Welcome to the November edition of our best and favorite articles in AI that were published this month. We are a Paris-based company that does Agile data development.
This month, we spotted articles about AI that can identify who wrote each scene in Shakespeare’s Henry VIII, and teach non-native speakers how to pronounce English words! Let’s start, as usual, with the comic of the month:
In a recent article researchers describe how they trained machine-learning algorithms to predict what features in a song would impact people’s emotional responses.
They predicted brain and heart activities as well as physiological response using features based on music dynamics such as timbre, harmony, etc...
This work helps to understand how music affects human experience and has applications in music emotion recognition and neuroscience.
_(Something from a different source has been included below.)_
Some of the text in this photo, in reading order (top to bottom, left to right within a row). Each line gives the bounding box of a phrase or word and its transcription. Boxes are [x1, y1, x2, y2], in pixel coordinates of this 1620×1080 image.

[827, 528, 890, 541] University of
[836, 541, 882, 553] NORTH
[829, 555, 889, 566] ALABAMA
How to improve your English pronunciation if — like me — you do not always understand why your sentence is wrongly enunciated? A startup used machine learning to tackle this challenge! Blue Canoe created a mobile app directing its users to repeat sentence prompts. Speech-recognition technology then analyzes the recordings and uses machine-learning models to point out the differences. When users spend 10 minutes per day on the app, personalized feedback informs students precisely how they mispronounced words. The startup started by digitizing a 20-year-old methodology called the Color Vowel System. Then, they hired linguists to listen to users’ recordings and tag the problems. Recordings are then used to improve machine-learning models.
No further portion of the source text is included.